**WHAT THE TASK ASKS:** Print every entry below again exactly as written, skipping the pictures.

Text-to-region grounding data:
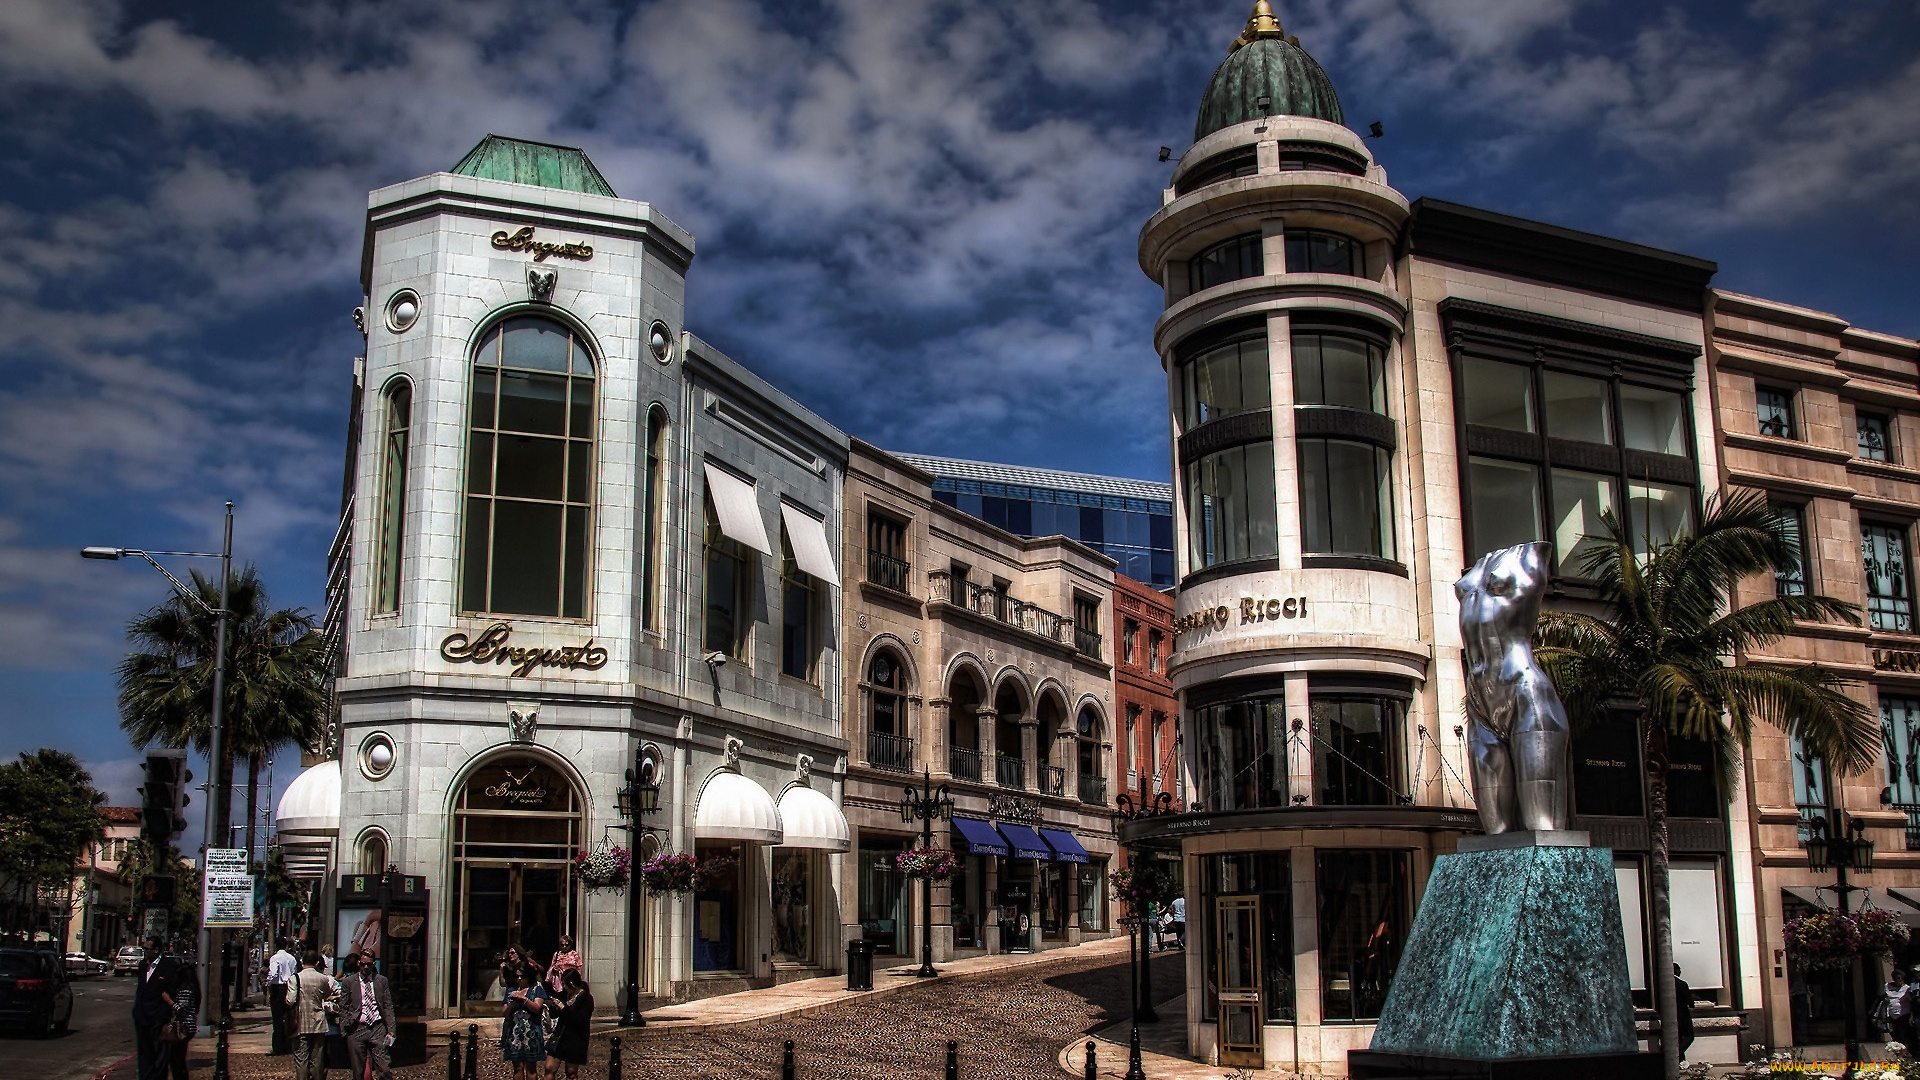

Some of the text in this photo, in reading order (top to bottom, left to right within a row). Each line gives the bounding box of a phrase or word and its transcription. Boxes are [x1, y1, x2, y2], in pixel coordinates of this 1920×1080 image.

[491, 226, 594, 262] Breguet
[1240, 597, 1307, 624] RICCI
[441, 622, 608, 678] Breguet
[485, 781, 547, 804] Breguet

**OUTPUT BELOW:**
Some of the text in this photo, in reading order (top to bottom, left to right within a row). Each line gives the bounding box of a phrase or word and its transcription. Boxes are [x1, y1, x2, y2], in pixel coordinates of this 1920×1080 image.

[491, 226, 594, 262] Breguet
[1240, 597, 1307, 624] RICCI
[441, 622, 608, 678] Breguet
[485, 781, 547, 804] Breguet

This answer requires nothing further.